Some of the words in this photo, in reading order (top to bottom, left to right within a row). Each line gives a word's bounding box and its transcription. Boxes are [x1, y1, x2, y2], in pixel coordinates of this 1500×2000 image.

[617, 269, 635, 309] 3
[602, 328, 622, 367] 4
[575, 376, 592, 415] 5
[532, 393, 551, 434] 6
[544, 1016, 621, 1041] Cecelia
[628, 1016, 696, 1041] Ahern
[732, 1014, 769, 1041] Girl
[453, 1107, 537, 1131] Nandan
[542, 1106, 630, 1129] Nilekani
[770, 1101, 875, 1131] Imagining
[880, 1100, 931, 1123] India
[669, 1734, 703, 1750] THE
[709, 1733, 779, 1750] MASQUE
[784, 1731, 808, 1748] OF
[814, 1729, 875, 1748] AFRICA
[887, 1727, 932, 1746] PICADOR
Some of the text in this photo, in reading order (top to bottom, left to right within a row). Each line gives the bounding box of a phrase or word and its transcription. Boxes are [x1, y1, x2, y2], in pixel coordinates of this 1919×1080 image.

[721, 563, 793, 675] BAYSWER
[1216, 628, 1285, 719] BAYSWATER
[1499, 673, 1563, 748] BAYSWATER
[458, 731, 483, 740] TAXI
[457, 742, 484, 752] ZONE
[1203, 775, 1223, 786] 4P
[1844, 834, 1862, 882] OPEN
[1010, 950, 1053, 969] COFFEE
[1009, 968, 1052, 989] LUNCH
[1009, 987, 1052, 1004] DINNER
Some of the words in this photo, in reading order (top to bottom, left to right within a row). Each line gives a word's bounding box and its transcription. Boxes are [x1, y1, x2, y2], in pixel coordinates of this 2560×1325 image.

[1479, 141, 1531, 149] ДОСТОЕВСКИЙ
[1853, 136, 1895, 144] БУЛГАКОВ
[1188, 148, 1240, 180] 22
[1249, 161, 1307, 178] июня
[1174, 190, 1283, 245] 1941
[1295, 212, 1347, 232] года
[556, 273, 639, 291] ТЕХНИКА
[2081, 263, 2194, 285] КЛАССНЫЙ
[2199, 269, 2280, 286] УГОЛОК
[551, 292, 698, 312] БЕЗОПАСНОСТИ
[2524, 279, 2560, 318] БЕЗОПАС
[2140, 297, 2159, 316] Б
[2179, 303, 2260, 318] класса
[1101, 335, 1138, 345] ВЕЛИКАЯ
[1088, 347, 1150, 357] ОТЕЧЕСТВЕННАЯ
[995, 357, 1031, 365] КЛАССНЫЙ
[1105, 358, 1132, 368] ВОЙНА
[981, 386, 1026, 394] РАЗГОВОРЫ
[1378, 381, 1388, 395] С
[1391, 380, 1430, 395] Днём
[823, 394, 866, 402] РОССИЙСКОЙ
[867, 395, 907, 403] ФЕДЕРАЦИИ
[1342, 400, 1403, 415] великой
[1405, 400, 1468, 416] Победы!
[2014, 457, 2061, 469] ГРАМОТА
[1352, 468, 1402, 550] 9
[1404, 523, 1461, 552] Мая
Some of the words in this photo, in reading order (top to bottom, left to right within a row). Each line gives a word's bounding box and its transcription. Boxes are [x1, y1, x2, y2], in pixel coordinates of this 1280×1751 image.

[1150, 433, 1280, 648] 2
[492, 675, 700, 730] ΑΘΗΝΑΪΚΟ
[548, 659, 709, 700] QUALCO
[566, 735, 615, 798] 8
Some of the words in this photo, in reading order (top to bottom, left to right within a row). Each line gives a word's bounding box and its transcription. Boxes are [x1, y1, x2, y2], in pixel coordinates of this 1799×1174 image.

··········

**ACTION ITEM**:
Retype all of the data shown above, word for word.

**RESPONSE**:
Some of the words in this photo, in reading order (top to bottom, left to right within a row). Each line gives a word's bounding box and its transcription. Boxes are [x1, y1, x2, y2], in pixel coordinates of this 1500×2000 image.

[617, 269, 635, 309] 3
[602, 328, 622, 367] 4
[575, 376, 592, 415] 5
[532, 393, 551, 434] 6
[544, 1016, 621, 1041] Cecelia
[628, 1016, 696, 1041] Ahern
[732, 1014, 769, 1041] Girl
[453, 1107, 537, 1131] Nandan
[542, 1106, 630, 1129] Nilekani
[770, 1101, 875, 1131] Imagining
[880, 1100, 931, 1123] India
[669, 1734, 703, 1750] THE
[709, 1733, 779, 1750] MASQUE
[784, 1731, 808, 1748] OF
[814, 1729, 875, 1748] AFRICA
[887, 1727, 932, 1746] PICADOR
Some of the text in this photo, in reading order (top to bottom, left to right within a row). Each line gives the bounding box of a phrase or word and its transcription. Boxes are [x1, y1, x2, y2], in pixel coordinates of this 1919×1080 image.

[721, 563, 793, 675] BAYSWER
[1216, 628, 1285, 719] BAYSWATER
[1499, 673, 1563, 748] BAYSWATER
[458, 731, 483, 740] TAXI
[457, 742, 484, 752] ZONE
[1203, 775, 1223, 786] 4P
[1844, 834, 1862, 882] OPEN
[1010, 950, 1053, 969] COFFEE
[1009, 968, 1052, 989] LUNCH
[1009, 987, 1052, 1004] DINNER
Some of the words in this photo, in reading order (top to bottom, left to right within a row). Each line gives a word's bounding box and its transcription. Boxes are [x1, y1, x2, y2], in pixel coordinates of this 2560×1325 image.

[1479, 141, 1531, 149] ДОСТОЕВСКИЙ
[1853, 136, 1895, 144] БУЛГАКОВ
[1188, 148, 1240, 180] 22
[1249, 161, 1307, 178] июня
[1174, 190, 1283, 245] 1941
[1295, 212, 1347, 232] года
[556, 273, 639, 291] ТЕХНИКА
[2081, 263, 2194, 285] КЛАССНЫЙ
[2199, 269, 2280, 286] УГОЛОК
[551, 292, 698, 312] БЕЗОПАСНОСТИ
[2524, 279, 2560, 318] БЕЗОПАС
[2140, 297, 2159, 316] Б
[2179, 303, 2260, 318] класса
[1101, 335, 1138, 345] ВЕЛИКАЯ
[1088, 347, 1150, 357] ОТЕЧЕСТВЕННАЯ
[995, 357, 1031, 365] КЛАССНЫЙ
[1105, 358, 1132, 368] ВОЙНА
[981, 386, 1026, 394] РАЗГОВОРЫ
[1378, 381, 1388, 395] С
[1391, 380, 1430, 395] Днём
[823, 394, 866, 402] РОССИЙСКОЙ
[867, 395, 907, 403] ФЕДЕРАЦИИ
[1342, 400, 1403, 415] великой
[1405, 400, 1468, 416] Победы!
[2014, 457, 2061, 469] ГРАМОТА
[1352, 468, 1402, 550] 9
[1404, 523, 1461, 552] Мая
Some of the words in this photo, in reading order (top to bottom, left to right within a row). Each line gives a word's bounding box and its transcription. Boxes are [x1, y1, x2, y2], in pixel coordinates of this 1280×1751 image.

[1150, 433, 1280, 648] 2
[492, 675, 700, 730] ΑΘΗΝΑΪΚΟ
[548, 659, 709, 700] QUALCO
[566, 735, 615, 798] 8
Some of the words in this photo, in reading order (top to bottom, left to right within a row). Each line gives a word's bounding box and its transcription. Boxes are [x1, y1, x2, y2], in pixel coordinates of this 1799×1174 image.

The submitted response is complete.